While no-one can eat healthily 100 per cent of the time, here’s my 5 tips to help you not end up looking like Santa by the end of the year!
Limit the pig outs!
Keep those wildly-overindulgent days to a minimum – the day you finish up at work, Christmas Day and New Year’s Eve. One or two day’s real overeating (when your stomach feels as if it will burst) won’t be bad but a month of festive feeding will pile on the kilos. Excess weight is gained slowly, not just from one overindulgence. Just eat sparingly the next day.
The temptations are around us earlier every year. Now that Christmas starts in November with Santa appearing in the shopping centres and piles of puddings and chocolates everywhere,
Eat, drink and be wary at those Christmas feasts. Survey the starters, breads, side dishes, hams, turkeys, Pavlovas and Christmas puddings and decide what you absolutely MUST HAVE and what you can leave. Don’t use it as an excuse to eat as much as you can or get ‘your money’s worth’.
Avoid too much alcohol
Alcohol is packed with calories and loosens your inhibitions so you eat things you normally wouldn’t like party pies or fried onion rings.
Dilute wine and spirits with ice and mineral water, ask for light beer instead of full-strength or intersperse a juice or sparkling mineral water between regular drinks.
Don’t forget the non-alcoholic options –non-alcohol wine and beer, lime and soda, and sparkling water.
And have something to eat before you drink to slow the absorption of alcohol into blood stream.
I have cooked up a delicious non-alcoholic mulled wine — perfect for pacing yourself or for any designated drivers out there.
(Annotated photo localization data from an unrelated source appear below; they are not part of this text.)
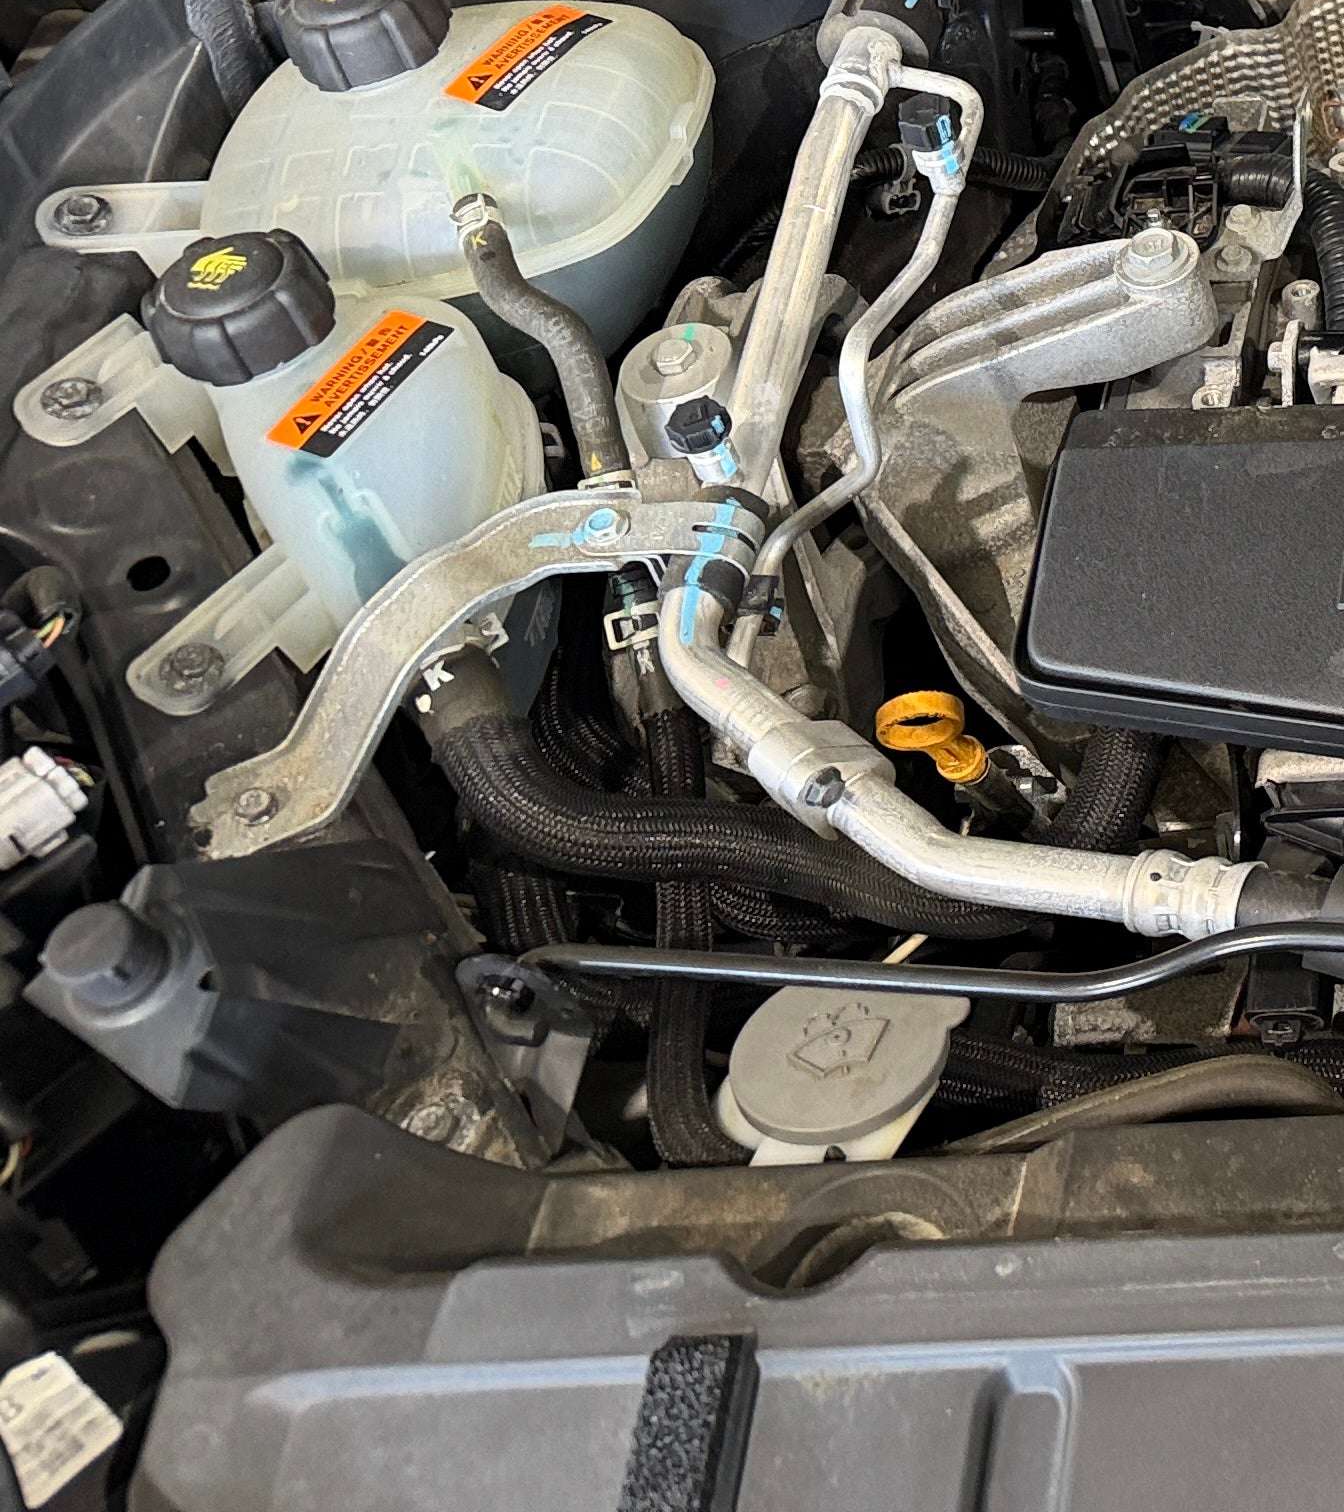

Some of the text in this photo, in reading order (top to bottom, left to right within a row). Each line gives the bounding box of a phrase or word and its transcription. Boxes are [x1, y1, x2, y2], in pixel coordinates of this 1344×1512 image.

[482, 29, 529, 66] WARNING
[495, 14, 570, 70] AVERTISSEMENT
[471, 231, 488, 249] K
[310, 355, 364, 403] WARNING
[324, 325, 409, 408] AVERTISSEMENT
[423, 659, 455, 692] K
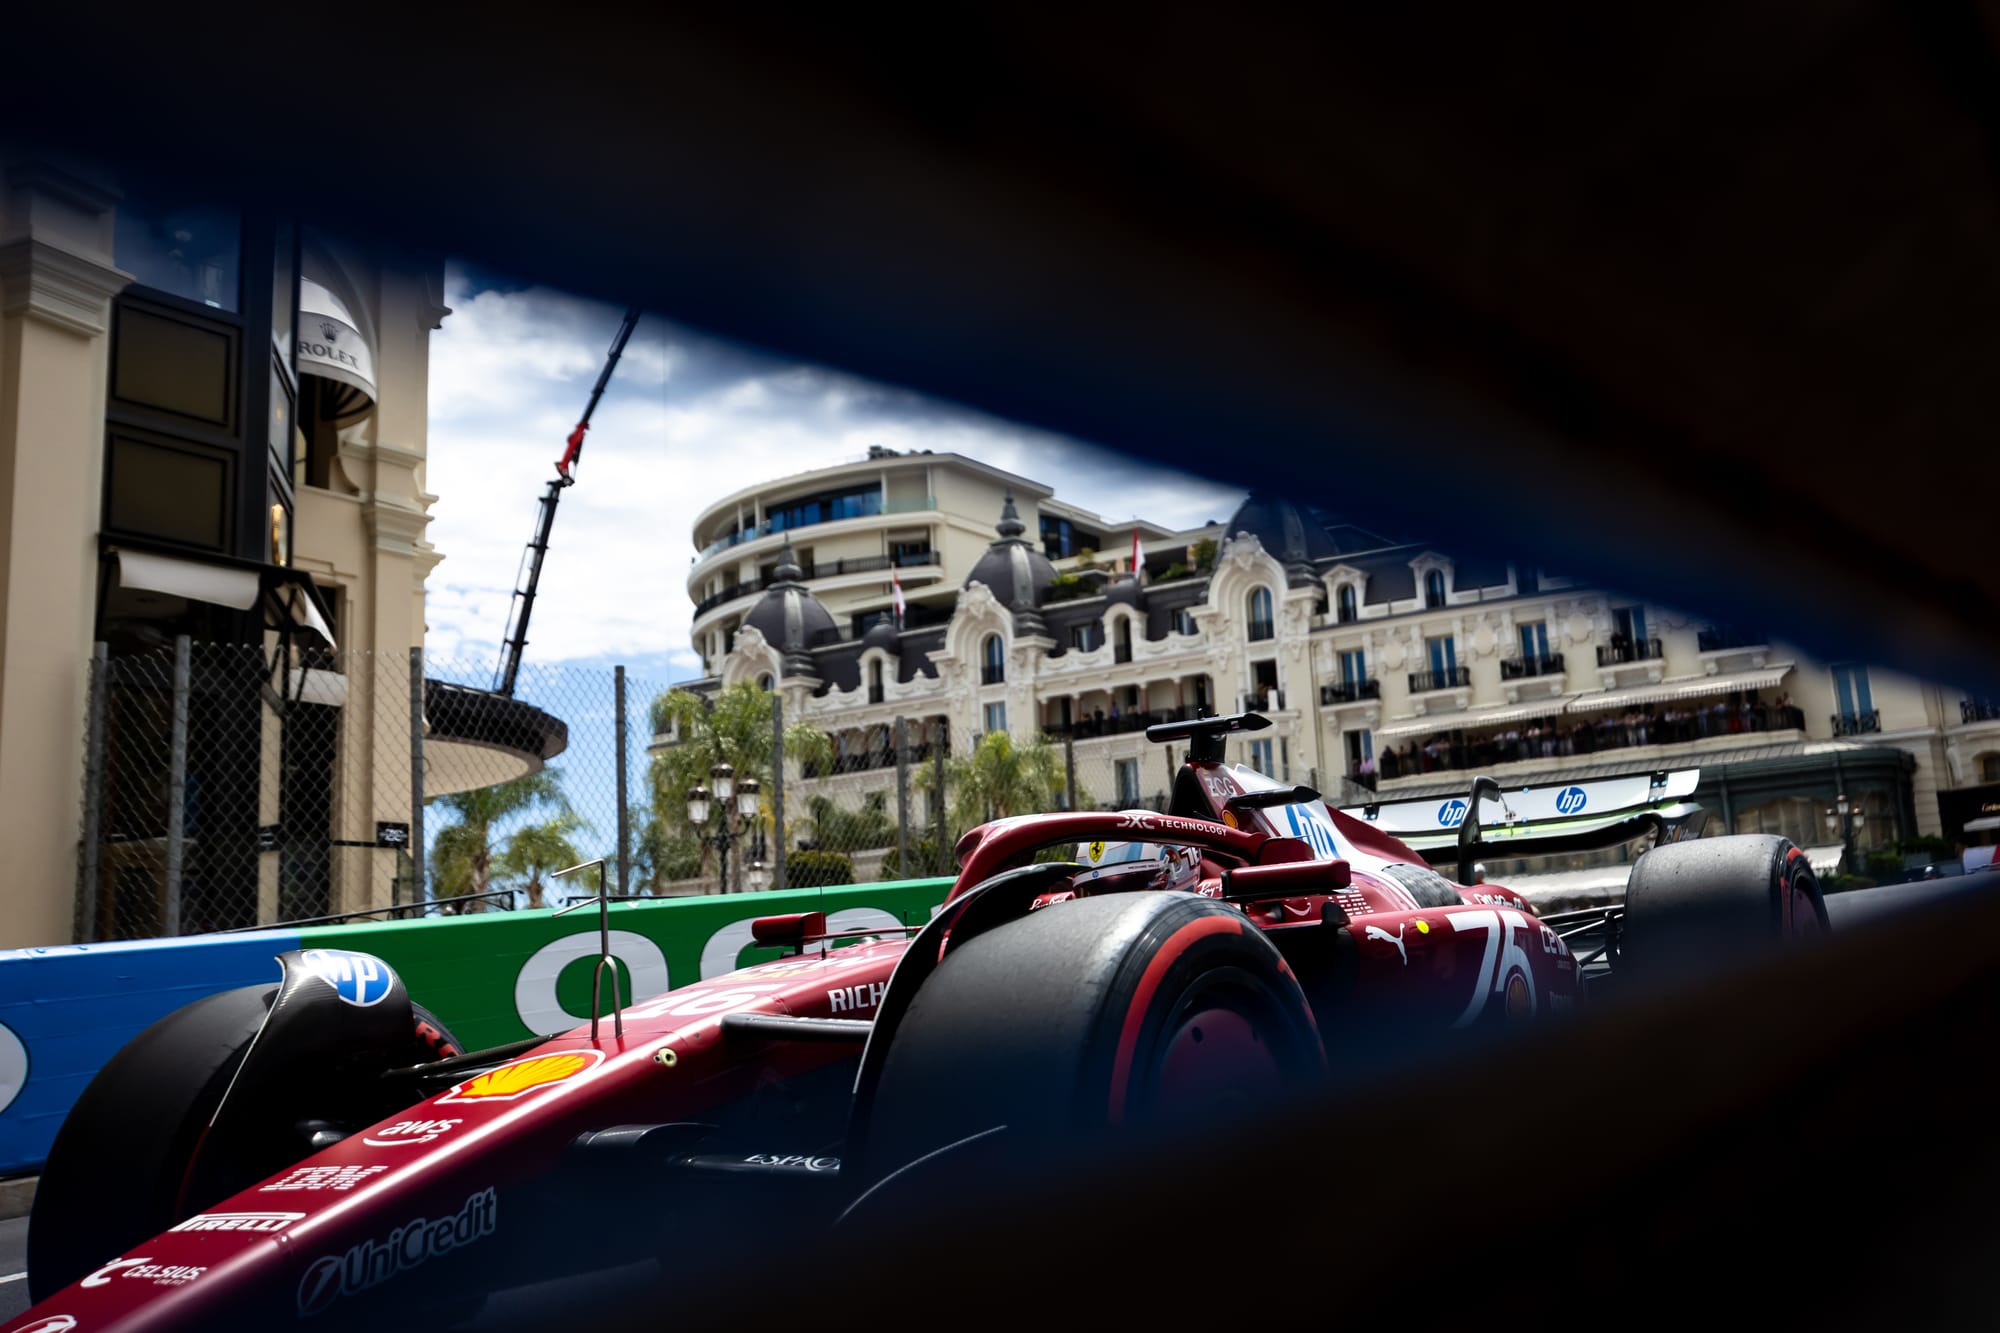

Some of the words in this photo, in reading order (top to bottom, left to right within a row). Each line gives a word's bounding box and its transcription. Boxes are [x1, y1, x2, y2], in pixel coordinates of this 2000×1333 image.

Just add 800ml of blueberry juice, 1 tsp of Maple Syrup, 100g of mixed frozen berries, and 0.5 tsp of cinnamon to a blender, and process until smooth. Pour the mixture into a pot, then add 1cm of peeled and sliced ginger-root, 1 star anise, 2 cloves, 2 cinnamon sticks and some fresh orange or lemon slices. Heat through gently without boiling, then strain and serve. The blue berries are great for supporting your digestive health and packed with Vitamin C especially important over the festive period. They also help improve working memory – very important when we are multi-tasking our way through Christmas!
Keep up your exercise to counter the food. Visit the gym (usually half-empty at this time of year), take up swimming or go for a brisk walk after dinner. Walk the dog. Set yourself a small action plan now on the first week in December to exercise minimum of 30 mins 4 days a week for the month of December. As difficult as I may seem, you will feel so better and it will also help you cope with the Christmas stress!
Don’t eat your way through two big meals a day
This is a sure way to pile on the weight. If you have to attend two functions, eat lightly or skip a course.
Try to get enough sleep.
A lack of sleep not only affects more than just your energy levels and your mood, but also your food choices. If you are short on sleep you will find yourself craving junk foods and sweets. This has been proven at the University of California Berkeley. They found that even after a single night of sleep deprivation, participants’ brains responded with greater desire for unhealthy foods than when they were rested. Their desire for junk food increased along with the severity of their sleep deprivation. The more sleep-deprived people were, the more they wanted junk food. So try and get your minimum 7 hours and chances are you will make better food choices the following day.
Go ahead and set yourself a health goal, even just one perhaps, for the Christmas period.
Remember to look after YOURSELF because you are worth it.